══ ENTRIES PROVIDED ══
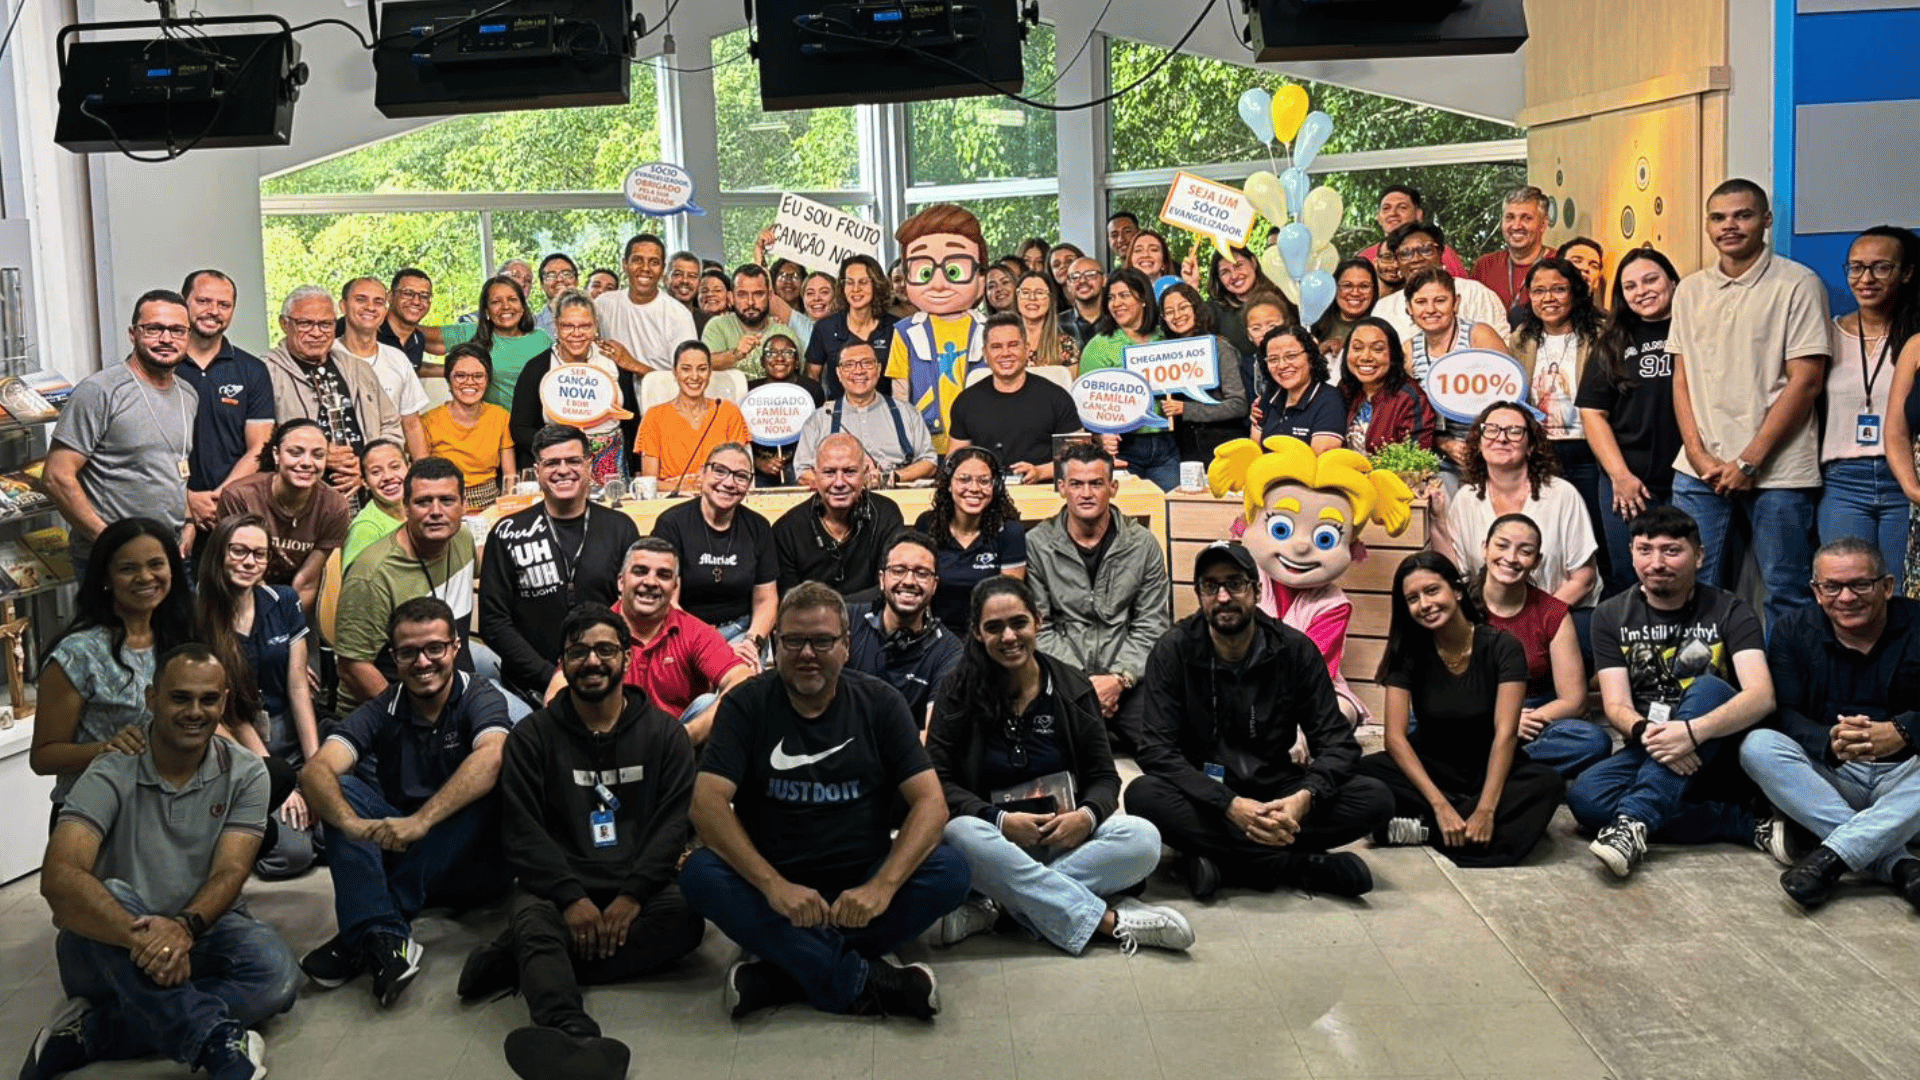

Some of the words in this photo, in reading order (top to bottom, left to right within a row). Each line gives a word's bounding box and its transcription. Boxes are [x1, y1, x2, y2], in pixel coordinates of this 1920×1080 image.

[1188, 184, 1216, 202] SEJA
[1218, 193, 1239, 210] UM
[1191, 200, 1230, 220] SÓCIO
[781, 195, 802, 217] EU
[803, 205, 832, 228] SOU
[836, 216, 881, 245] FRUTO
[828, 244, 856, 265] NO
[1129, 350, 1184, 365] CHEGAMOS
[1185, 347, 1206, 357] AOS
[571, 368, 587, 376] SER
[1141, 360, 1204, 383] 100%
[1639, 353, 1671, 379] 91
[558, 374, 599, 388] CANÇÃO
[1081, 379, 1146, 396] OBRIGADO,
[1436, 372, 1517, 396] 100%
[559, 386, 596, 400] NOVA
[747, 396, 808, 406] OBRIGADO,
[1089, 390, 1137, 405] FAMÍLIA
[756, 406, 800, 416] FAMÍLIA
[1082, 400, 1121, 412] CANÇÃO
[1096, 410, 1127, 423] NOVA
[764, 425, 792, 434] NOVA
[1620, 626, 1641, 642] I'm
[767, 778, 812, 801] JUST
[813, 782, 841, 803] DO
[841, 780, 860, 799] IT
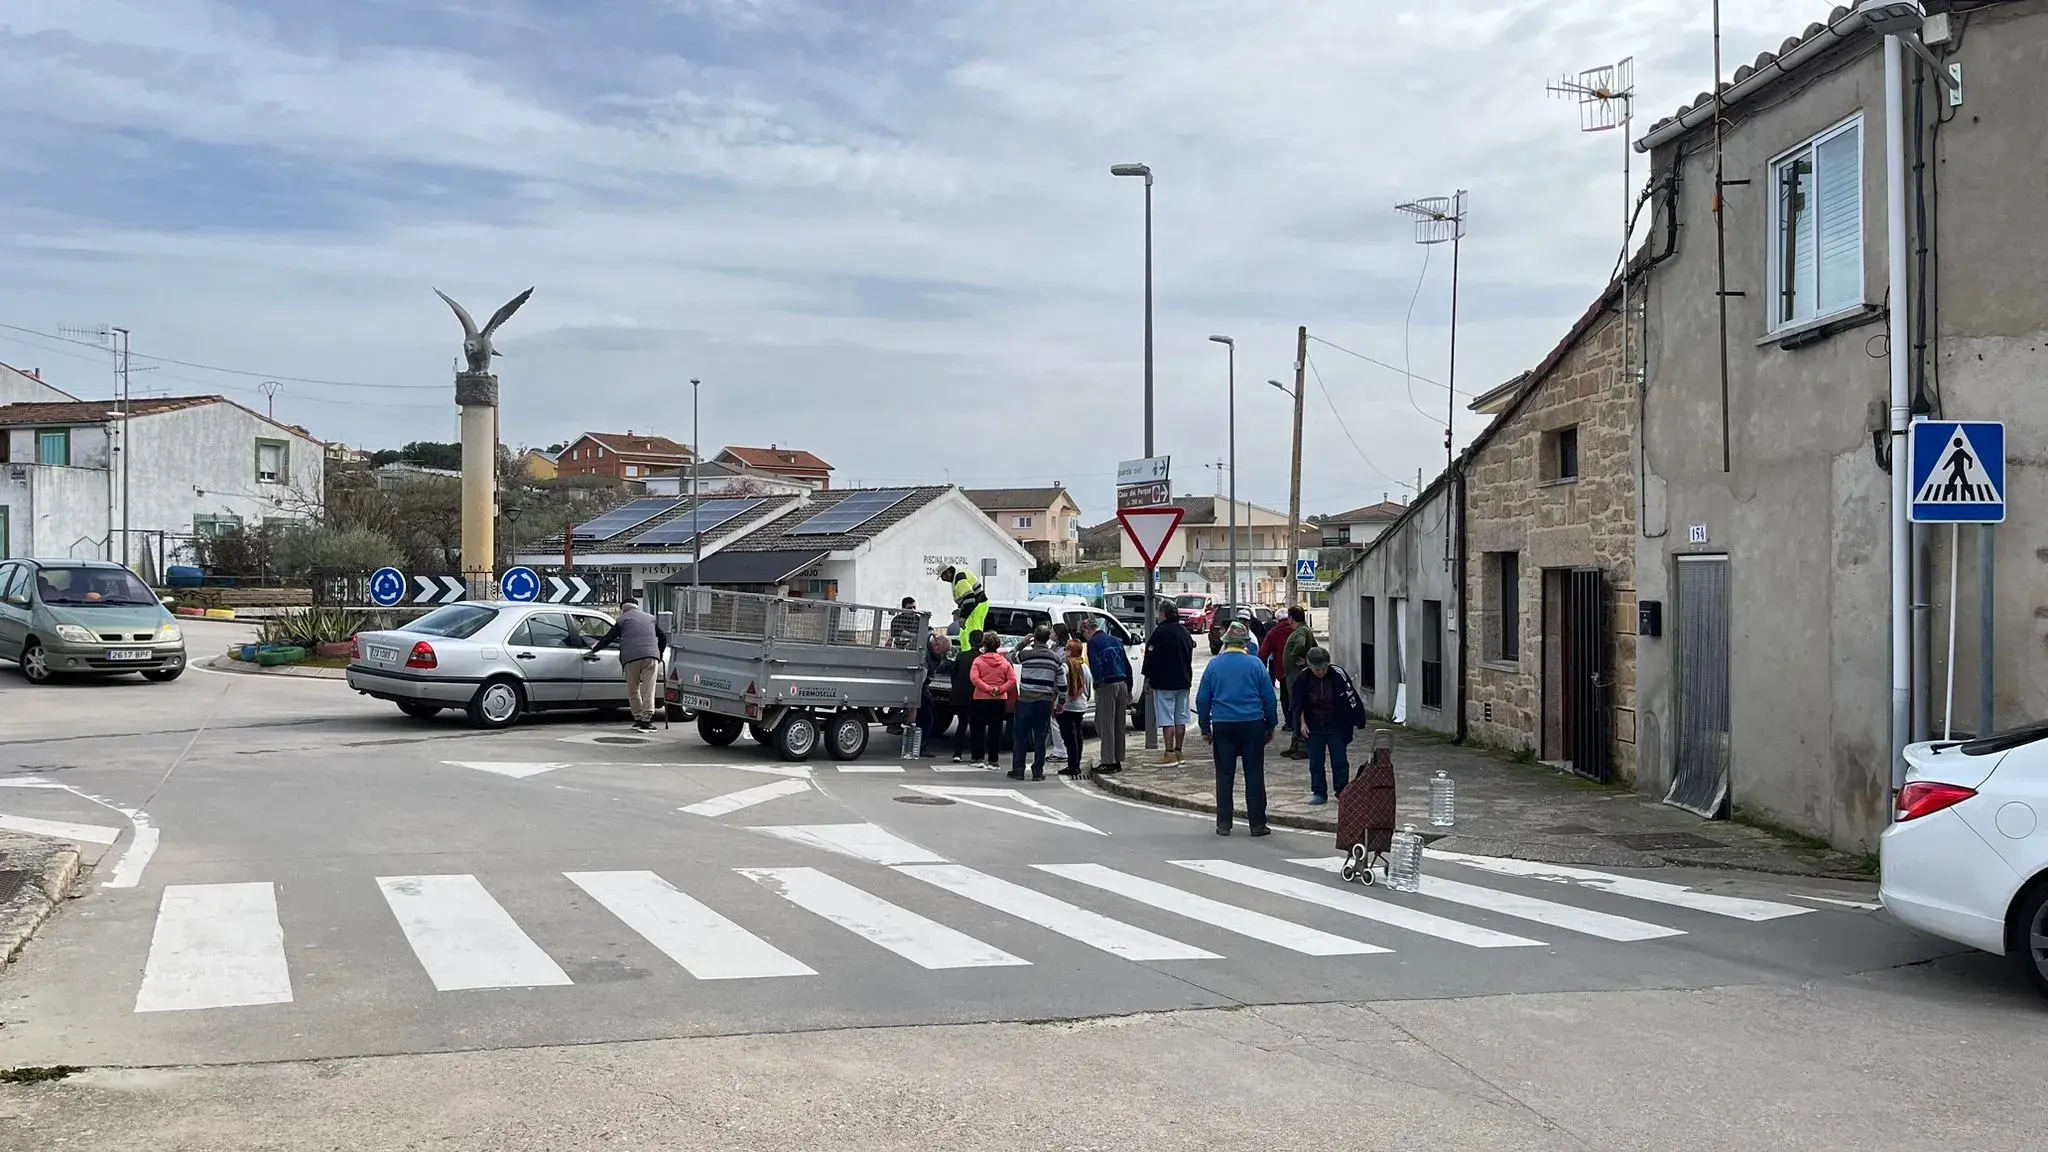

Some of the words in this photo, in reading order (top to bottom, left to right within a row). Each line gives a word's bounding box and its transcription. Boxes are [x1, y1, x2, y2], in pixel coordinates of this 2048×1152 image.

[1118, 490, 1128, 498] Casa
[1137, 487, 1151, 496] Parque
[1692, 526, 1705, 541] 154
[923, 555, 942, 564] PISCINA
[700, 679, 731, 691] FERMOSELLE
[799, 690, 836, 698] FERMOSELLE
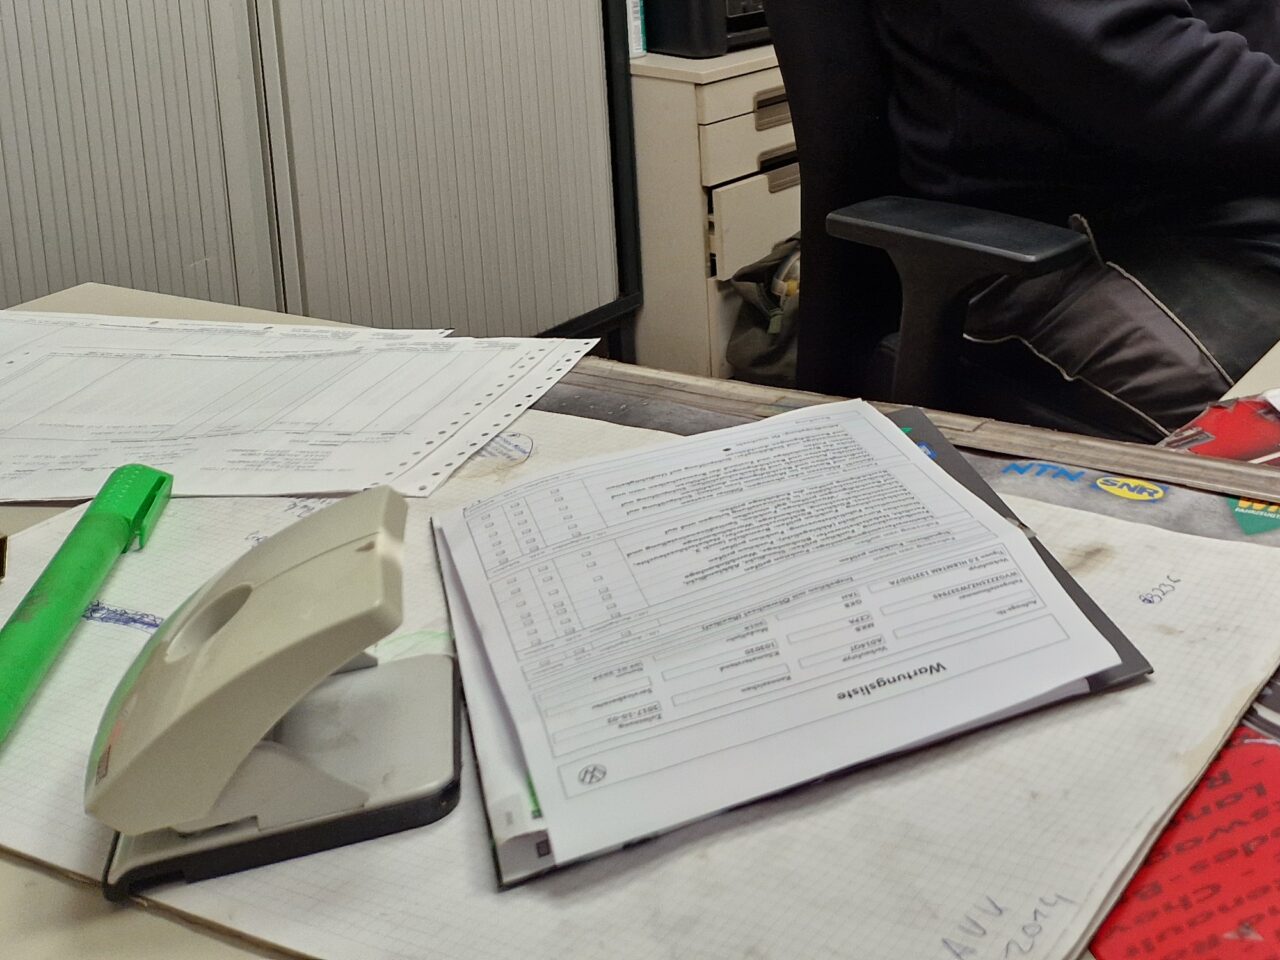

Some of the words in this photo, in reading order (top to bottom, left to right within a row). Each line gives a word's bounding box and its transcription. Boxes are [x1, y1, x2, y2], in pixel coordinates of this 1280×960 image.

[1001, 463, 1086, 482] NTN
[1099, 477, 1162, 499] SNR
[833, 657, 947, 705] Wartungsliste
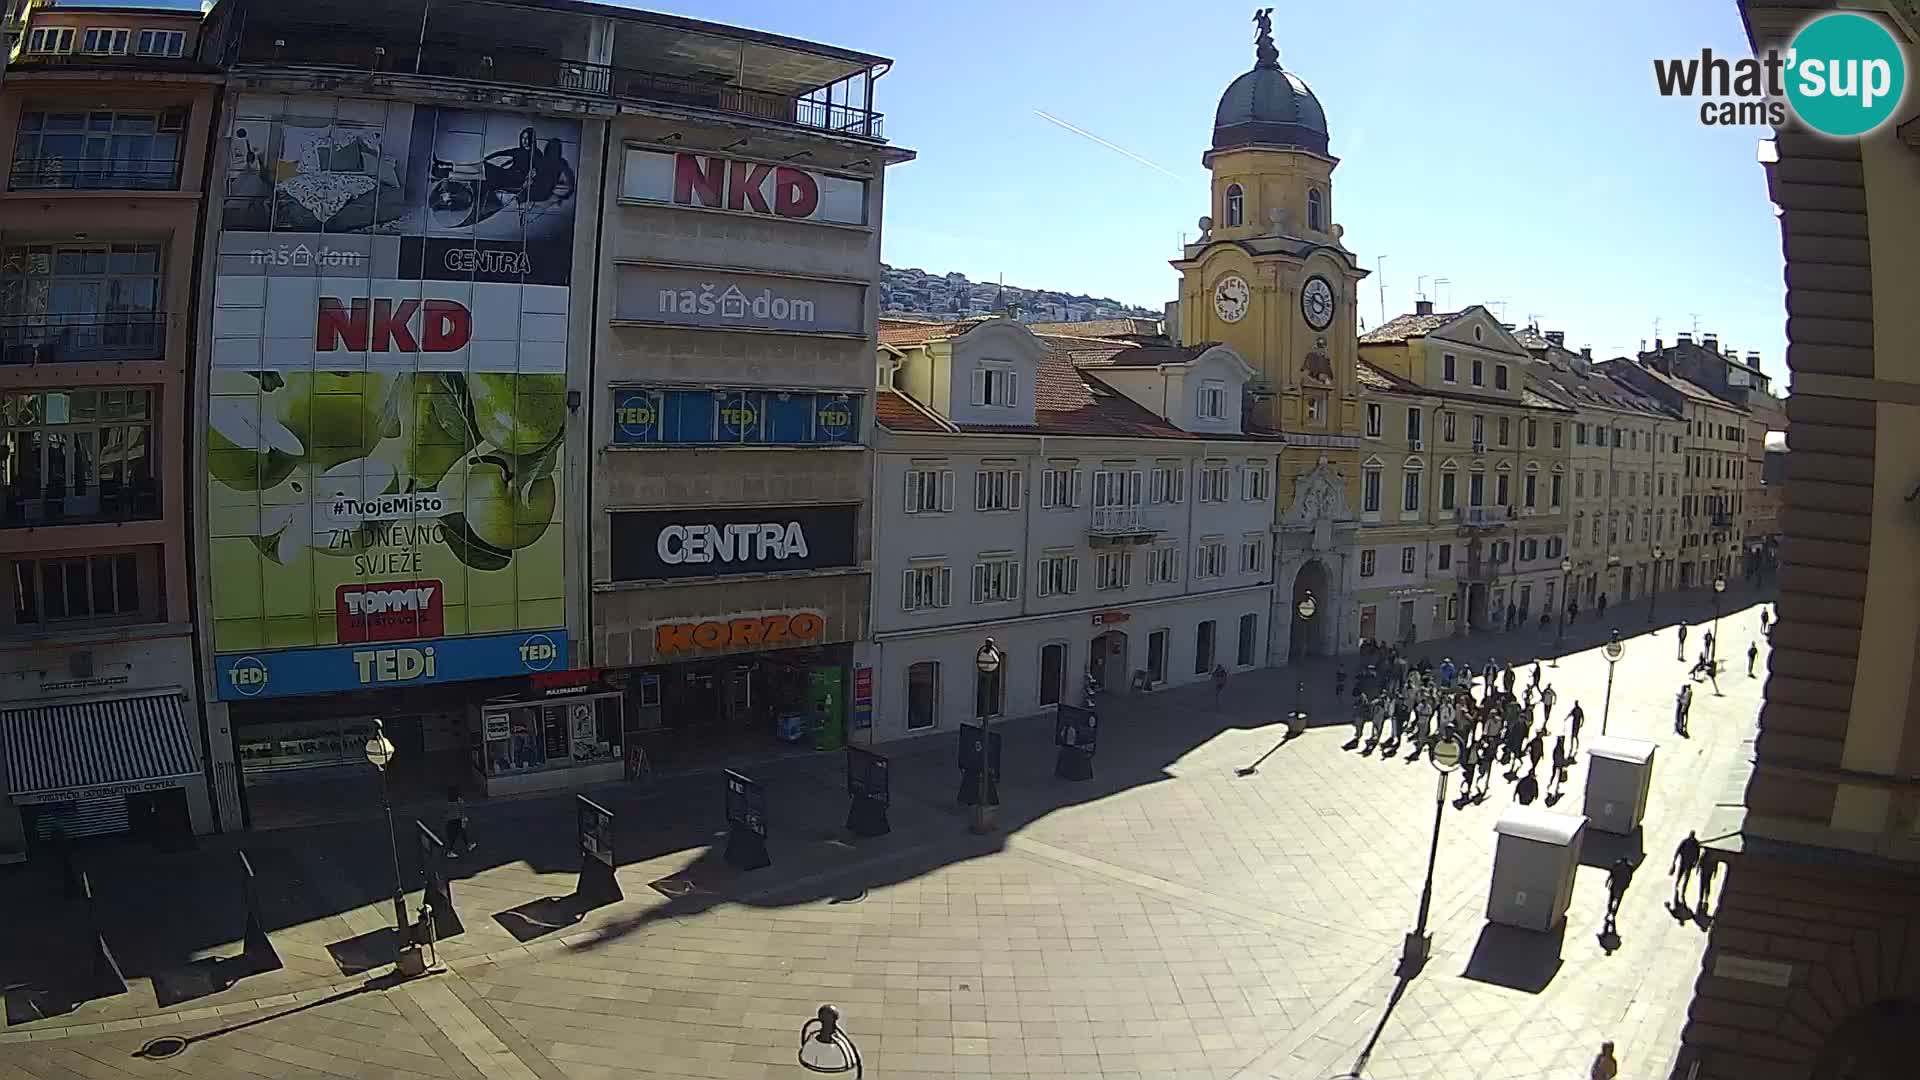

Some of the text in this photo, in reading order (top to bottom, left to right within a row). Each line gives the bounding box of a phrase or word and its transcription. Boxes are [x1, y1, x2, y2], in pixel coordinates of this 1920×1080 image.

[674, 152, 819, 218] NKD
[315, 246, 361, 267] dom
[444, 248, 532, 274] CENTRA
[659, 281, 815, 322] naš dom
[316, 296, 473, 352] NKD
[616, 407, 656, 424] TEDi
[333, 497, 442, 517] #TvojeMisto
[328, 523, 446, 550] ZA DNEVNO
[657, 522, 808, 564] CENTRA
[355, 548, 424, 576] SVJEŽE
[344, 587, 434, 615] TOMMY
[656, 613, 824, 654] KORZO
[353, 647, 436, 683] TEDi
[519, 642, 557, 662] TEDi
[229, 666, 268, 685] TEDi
═══
§ **AIM OF THE TASK**
What you should produce is an exact copy of the records, with the pictures left out.

§ **COMPLETED TASK**
Some of the words in this photo, in reading order (top to bottom, left to right within a row). Each line gives a word's bounding box and its transcription. Boxes are [x1, y1, x2, y2], in pixel coordinates of this 1920×1080 image.

[1188, 184, 1216, 202] SEJA
[1218, 193, 1239, 210] UM
[1191, 200, 1230, 220] SÓCIO
[781, 195, 802, 217] EU
[803, 205, 832, 228] SOU
[836, 216, 881, 245] FRUTO
[828, 244, 856, 265] NO
[1129, 350, 1184, 365] CHEGAMOS
[1185, 347, 1206, 357] AOS
[571, 368, 587, 376] SER
[1141, 360, 1204, 383] 100%
[1639, 353, 1671, 379] 91
[558, 374, 599, 388] CANÇÃO
[1081, 379, 1146, 396] OBRIGADO,
[1436, 372, 1517, 396] 100%
[559, 386, 596, 400] NOVA
[747, 396, 808, 406] OBRIGADO,
[1089, 390, 1137, 405] FAMÍLIA
[756, 406, 800, 416] FAMÍLIA
[1082, 400, 1121, 412] CANÇÃO
[1096, 410, 1127, 423] NOVA
[764, 425, 792, 434] NOVA
[1620, 626, 1641, 642] I'm
[767, 778, 812, 801] JUST
[813, 782, 841, 803] DO
[841, 780, 860, 799] IT

Some of the words in this photo, in reading order (top to bottom, left to right within a row). Each line gives a word's bounding box and its transcription. Boxes are [x1, y1, x2, y2], in pixel coordinates of this 2048×1152 image.

[1118, 490, 1128, 498] Casa
[1137, 487, 1151, 496] Parque
[1692, 526, 1705, 541] 154
[923, 555, 942, 564] PISCINA
[700, 679, 731, 691] FERMOSELLE
[799, 690, 836, 698] FERMOSELLE

Some of the words in this photo, in reading order (top to bottom, left to right within a row). Each line gives a word's bounding box and its transcription. Boxes are [x1, y1, x2, y2], in pixel coordinates of this 1280×960 image.

[1001, 463, 1086, 482] NTN
[1099, 477, 1162, 499] SNR
[833, 657, 947, 705] Wartungsliste

Some of the text in this photo, in reading order (top to bottom, left to right within a row). Each line gives the bounding box of a phrase or word and its transcription. Boxes are [x1, y1, x2, y2], in pixel coordinates of this 1920×1080 image.

[674, 152, 819, 218] NKD
[315, 246, 361, 267] dom
[444, 248, 532, 274] CENTRA
[659, 281, 815, 322] naš dom
[316, 296, 473, 352] NKD
[616, 407, 656, 424] TEDi
[333, 497, 442, 517] #TvojeMisto
[328, 523, 446, 550] ZA DNEVNO
[657, 522, 808, 564] CENTRA
[355, 548, 424, 576] SVJEŽE
[344, 587, 434, 615] TOMMY
[656, 613, 824, 654] KORZO
[353, 647, 436, 683] TEDi
[519, 642, 557, 662] TEDi
[229, 666, 268, 685] TEDi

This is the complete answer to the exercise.